Aviso

Mensagem de Bento XVI para o Dia Mundial das Comunicações Sociais

Bento XVI 13Silêncio e palavra: caminho de evangelização

A 24 de Janeiro, memória de S. Francisco de Sales, padroeiro dos jornalistas, foi publicada a mensagem do Santo Padre para o Dia Mundial das Comunicações Sociais. Ela faz um particular apelo à relação silêncio e palavra, no «ecossistema» da comunicação.
Trata-se, como refere Bento XVI, de “dois momentos da comunicação que se devem equilibrar, alternar e equilibrar entre si”. No processo comunicacional pode haver palavras a mais, bombardeio de muitos ruídos, bloqueios de excessos verbais, que impedem a partilha, o diálogo, a edificação mútua. O equilíbrio entre palavra e silêncio é fundamental, para a conveniente relação e permuta, perguntas e respostas, numa verdadeira união entre pessoas. Se o silêncio nos dispõe a escutar, como indispensável ao acolhimento, também a palavra nos impulsiona a falar, quando necessário, no dinamismo construtor da relação interpessoal. Particularmente, o anúncio da Boa Nova não cumpriria o desígnio libertador, se não fosse precedido da capacidade de escuta, de silêncio e de acolhimento. Seriam palavras a mais, opressivas e esmagadoras. Para que se evangelize, é preciso fazer silêncio, e acolher, antes de falar. “Quando as mensagens e a informação são abundantes, torna-se essencial o silêncio para discernir o que é importante daquilo que é inútil e acessório”, refere a mensagem.
Porque há muitas respostas a perguntas que não fizemos, e não necessitamos, podem tornar-se um contra-senso inoportuno.

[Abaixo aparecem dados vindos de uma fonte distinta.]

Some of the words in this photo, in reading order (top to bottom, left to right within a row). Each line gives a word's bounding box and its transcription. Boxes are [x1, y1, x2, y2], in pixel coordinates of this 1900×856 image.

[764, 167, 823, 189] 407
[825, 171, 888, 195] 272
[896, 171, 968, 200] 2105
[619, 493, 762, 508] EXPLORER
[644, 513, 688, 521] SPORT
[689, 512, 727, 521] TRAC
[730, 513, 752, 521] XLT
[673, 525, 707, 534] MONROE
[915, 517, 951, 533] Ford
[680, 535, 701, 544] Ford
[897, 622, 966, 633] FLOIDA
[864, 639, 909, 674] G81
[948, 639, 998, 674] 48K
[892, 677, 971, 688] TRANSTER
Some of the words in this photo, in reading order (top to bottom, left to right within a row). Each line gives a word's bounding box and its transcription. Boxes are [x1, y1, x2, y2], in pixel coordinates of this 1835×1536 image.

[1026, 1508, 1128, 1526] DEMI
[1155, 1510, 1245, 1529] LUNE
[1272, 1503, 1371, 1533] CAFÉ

O silêncio proporciona o discernimento para identificar o que é importante, e necessário, formalizar, na prossecução do itinerário, para a descoberta do sentido da vida, das verdadeiras motivações para a procura das últimas questões, da nossa identidade, do nosso horizonte e profundidade. “No fundo, este influxo incessante de perguntas manifesta a inquietação do ser humano, sempre à procura de verdades, pequenas e grandes, que dêem sentido e esperança à existência”, diz Bento XVI. Todos nos damos conta que há sons em demasia, ruídos muito intensos, palavras que se atropelam, gritos e agitação duma sociedade em convulsão, que impedem o encontro da pessoa consigo mesma, com os outros e com Deus, não favorecem o diálogo, e a procura das melhores vias de descoberta e aprofundamento da vida. Por isso, prossegue a reflexão pontifícia, “devemos olhar com interesse para as várias formas de sítios, aplicações e redes sociais que possam ajudar o homem actual não só a viver momentos de reflexão e de busca verdadeira, mas também a encontrar espaços de silêncio, ocasiões de oração, meditação ou partilha da Palavra de Deus”.

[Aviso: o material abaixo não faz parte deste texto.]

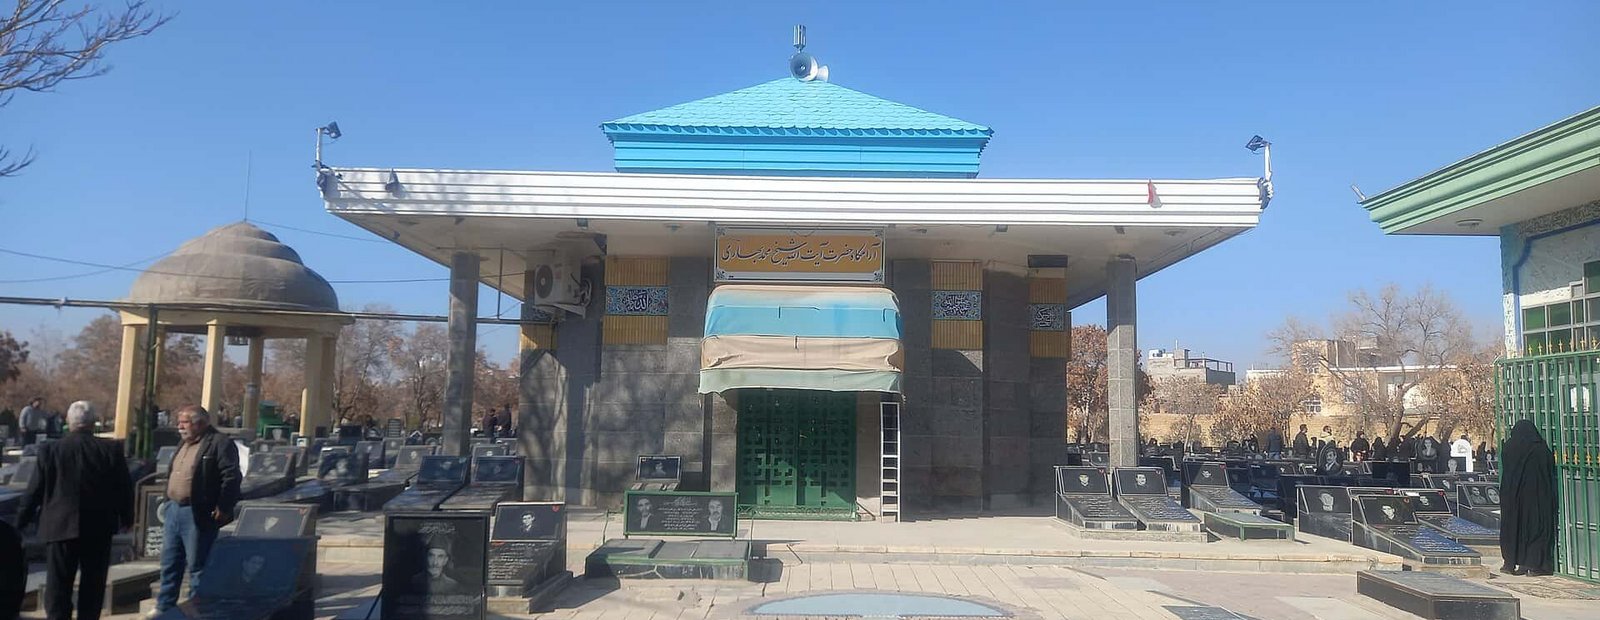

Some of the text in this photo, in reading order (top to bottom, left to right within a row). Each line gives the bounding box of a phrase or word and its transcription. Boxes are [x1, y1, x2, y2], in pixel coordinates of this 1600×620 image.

[771, 238, 807, 265] شیخ
[801, 241, 829, 265] آیت
[823, 244, 853, 263] حضرت
[850, 241, 881, 262] آرامگاه
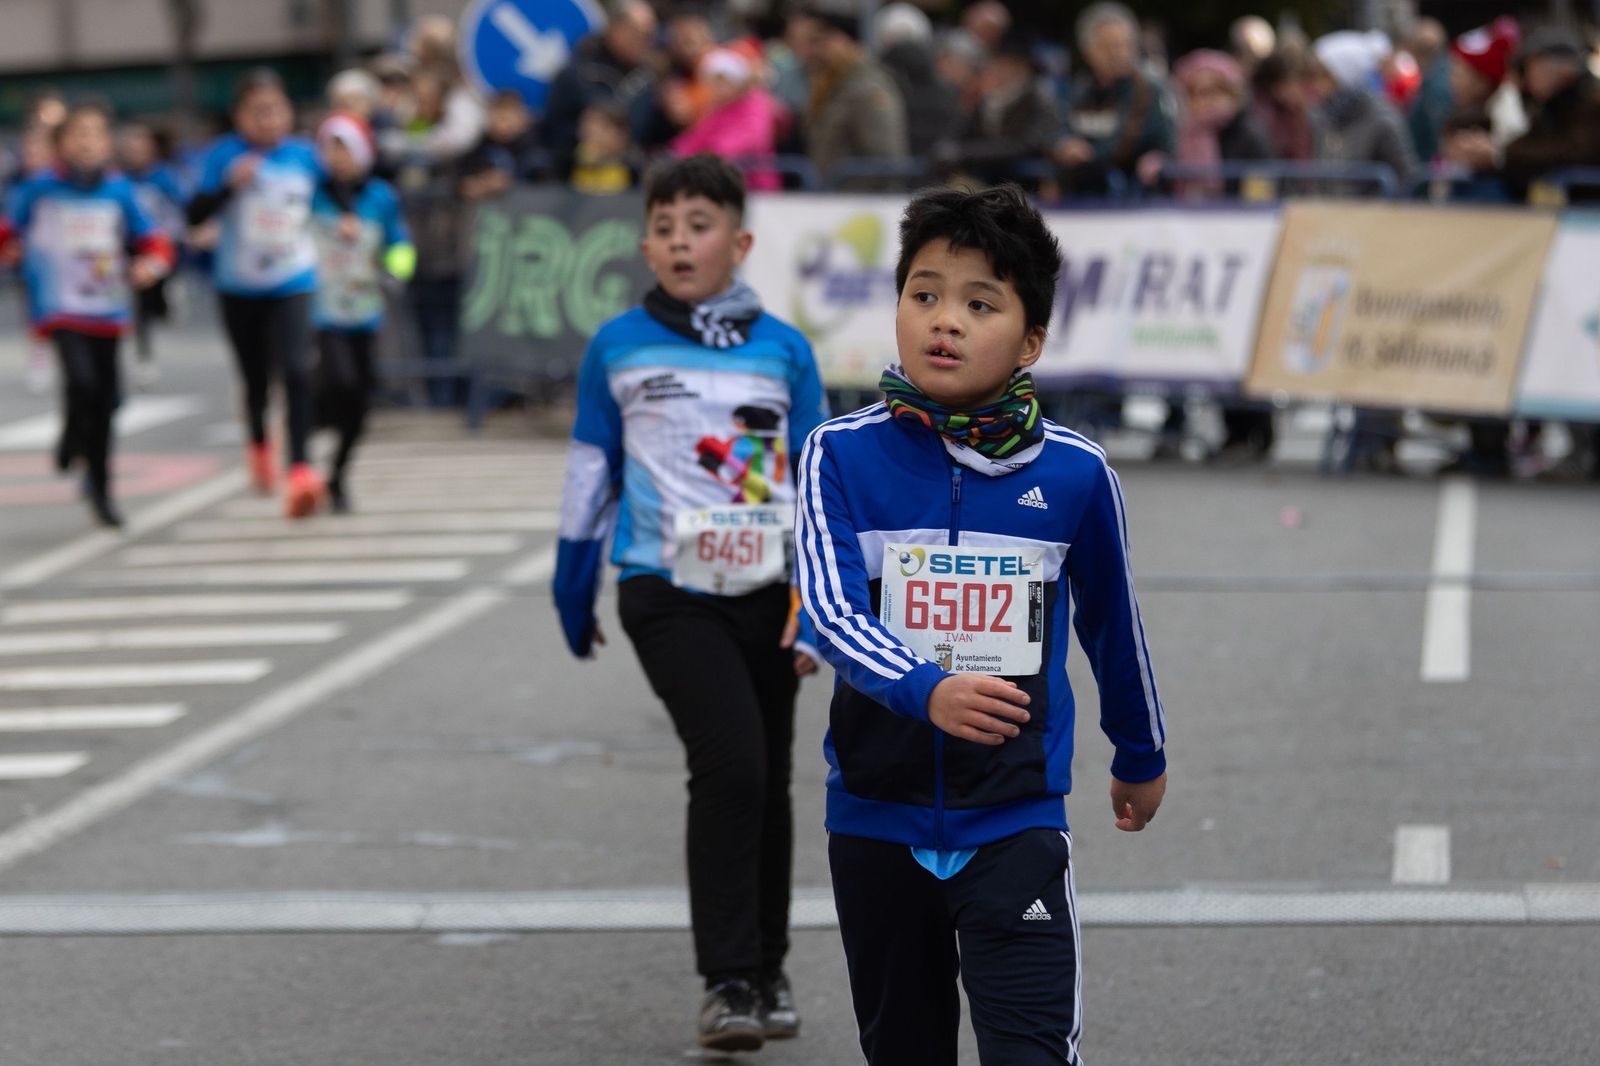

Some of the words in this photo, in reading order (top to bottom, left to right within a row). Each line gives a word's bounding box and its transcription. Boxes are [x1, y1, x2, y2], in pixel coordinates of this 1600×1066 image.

[1017, 498, 1048, 510] adidas
[711, 511, 784, 526] SETEL
[697, 529, 765, 567] 6451
[929, 553, 1031, 576] SETEL
[905, 580, 1013, 633] 6502
[944, 632, 973, 643] IVAN
[955, 653, 1002, 663] Ayuntamiento
[955, 663, 964, 671] de
[965, 664, 1002, 672] Salamanca
[1022, 912, 1052, 921] adidas

Para Deus poder falar, é preciso o silêncio. E este é um problema da actual sociedade, demasiado barulhenta, intranquila, sem paragens e espaços propícios ao encontro e diálogo. A chamada de atenção, à relação do silêncio com a palavra, em ordem à evangelização, faz todo o sentido. Bento XVI lembra-o logo no início da sua mensagem. Só assim se pode corresponder à “urgência da missão, a necessidade imperiosa de «anunciar o que vimos e ouvimos» (1 Jo 1, 3), como nos pede o Papa. Por isso, acolhemos a sua sugestão aos agentes de evangelização: “silêncio e palavra são ambos elementos essenciais e integrantes da acção comunicativa da Igreja para um renovado anúncio de Jesus Cristo no mundo contemporâneo”.